---------- INPUT

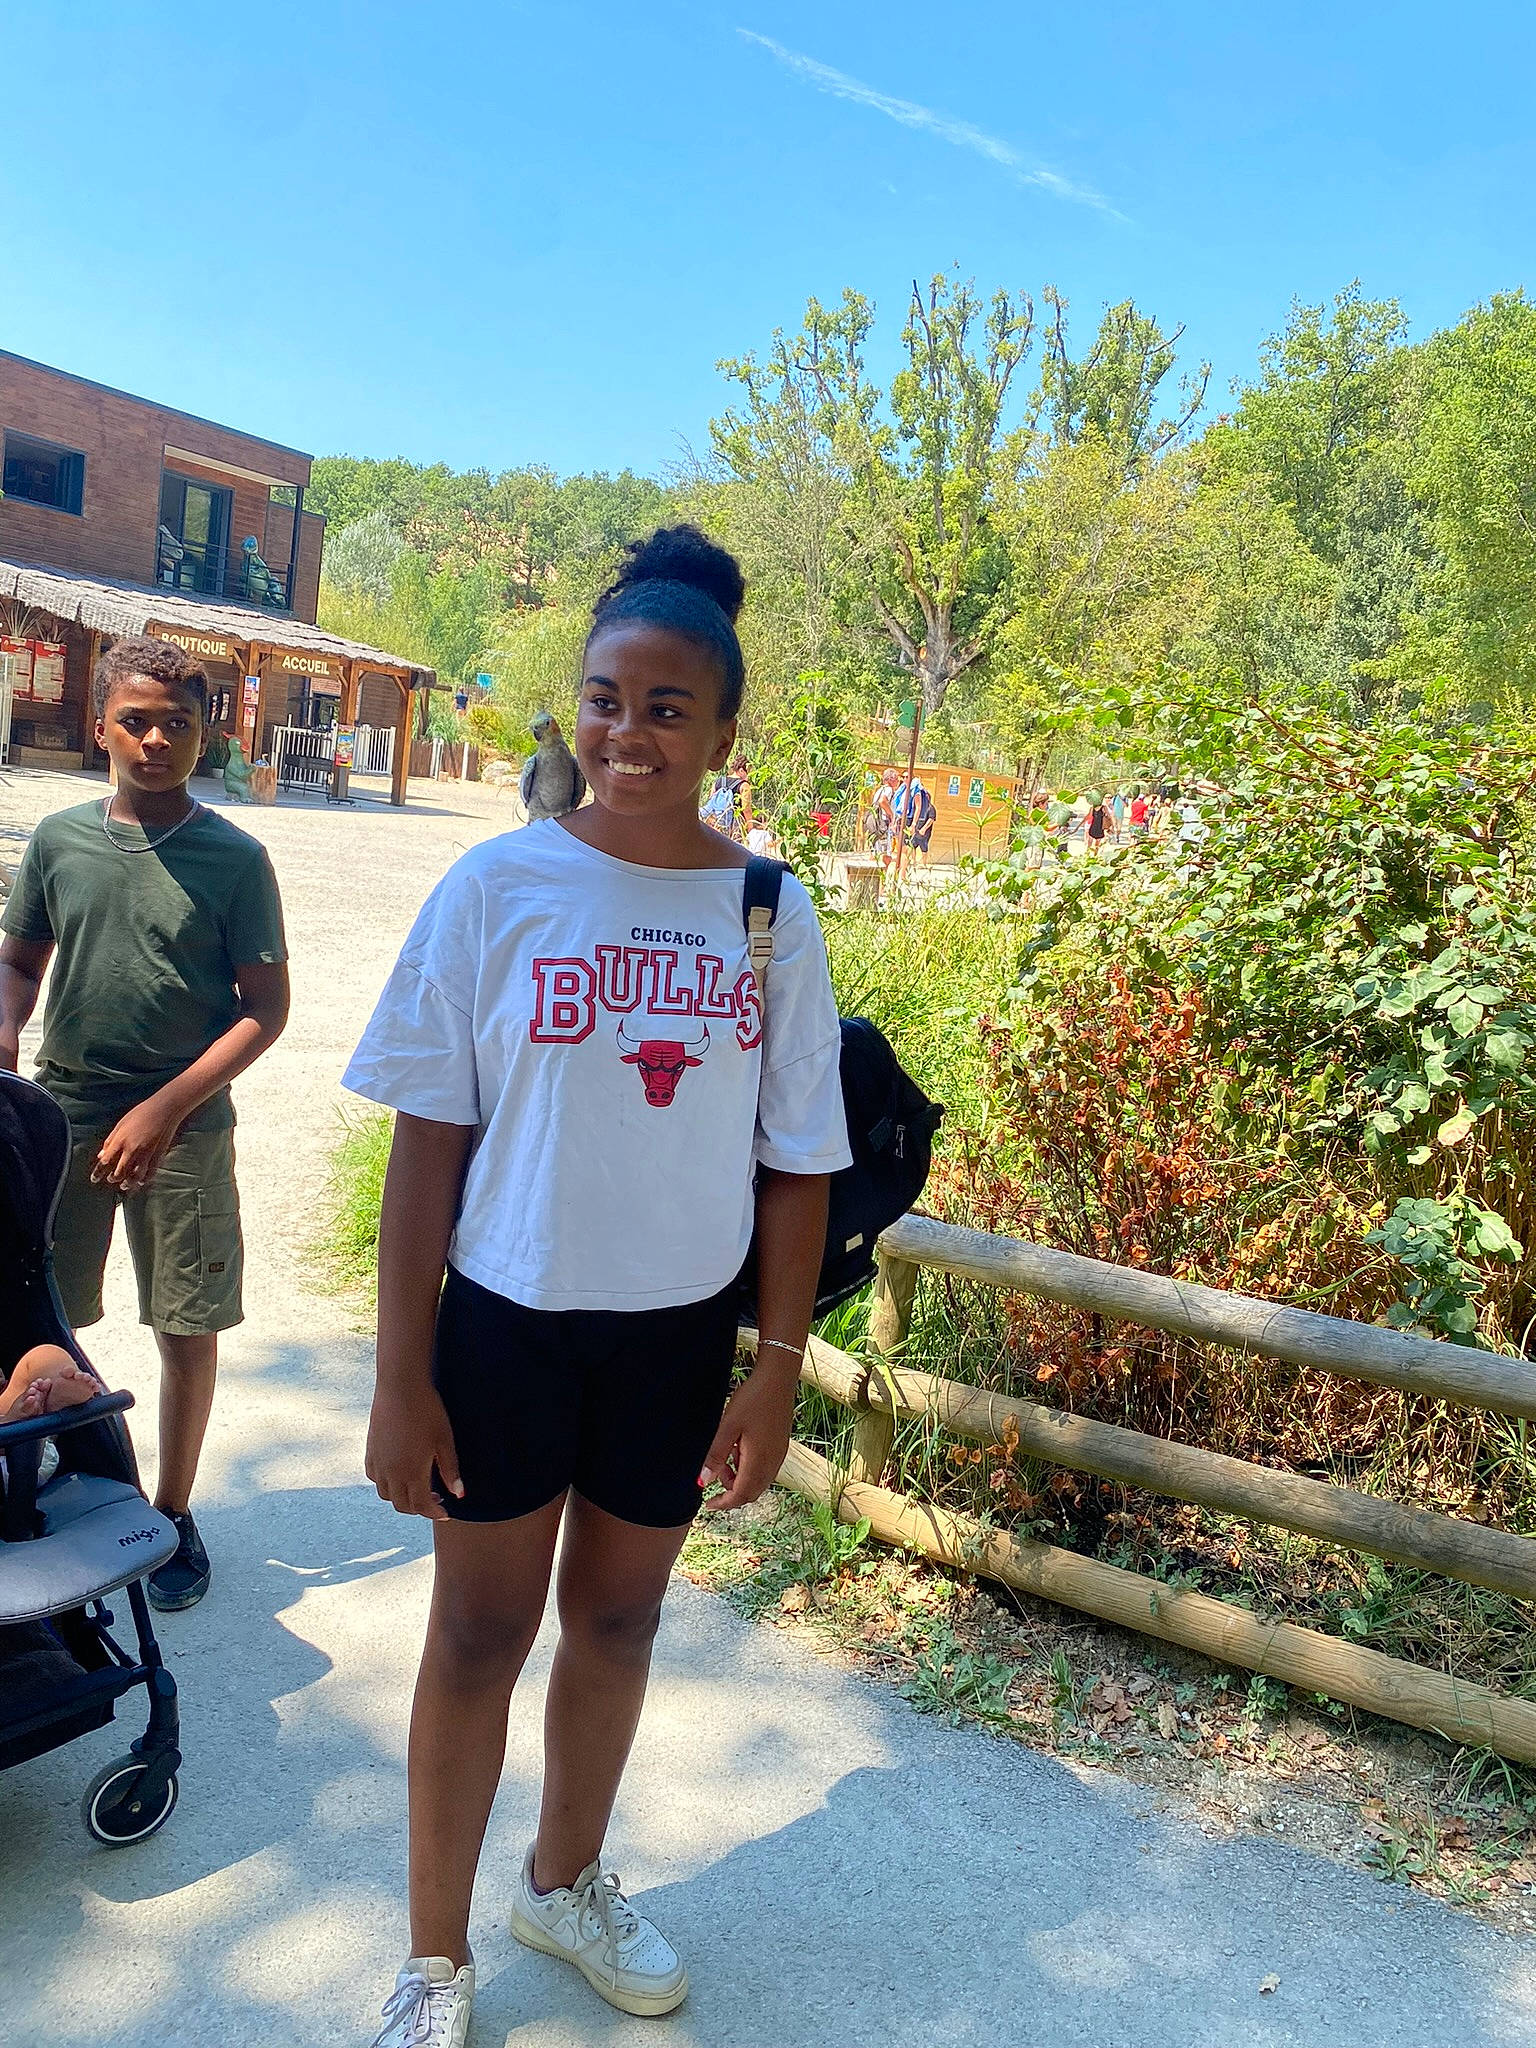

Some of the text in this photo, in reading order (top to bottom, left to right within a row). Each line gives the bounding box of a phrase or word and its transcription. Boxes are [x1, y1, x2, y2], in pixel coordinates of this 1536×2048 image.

[281, 655, 330, 675] ACCUEIL
[631, 926, 706, 947] CHICAGO
[529, 944, 762, 1051] BULLS
[118, 1526, 161, 1547] migo

--------------------

**TASK OBJECTIVE:** Every line of the material above must be written out exactly, with no pictures.

**TASK RESULT:**
Some of the text in this photo, in reading order (top to bottom, left to right within a row). Each line gives the bounding box of a phrase or word and its transcription. Boxes are [x1, y1, x2, y2], in pixel coordinates of this 1536×2048 image.

[281, 655, 330, 675] ACCUEIL
[631, 926, 706, 947] CHICAGO
[529, 944, 762, 1051] BULLS
[118, 1526, 161, 1547] migo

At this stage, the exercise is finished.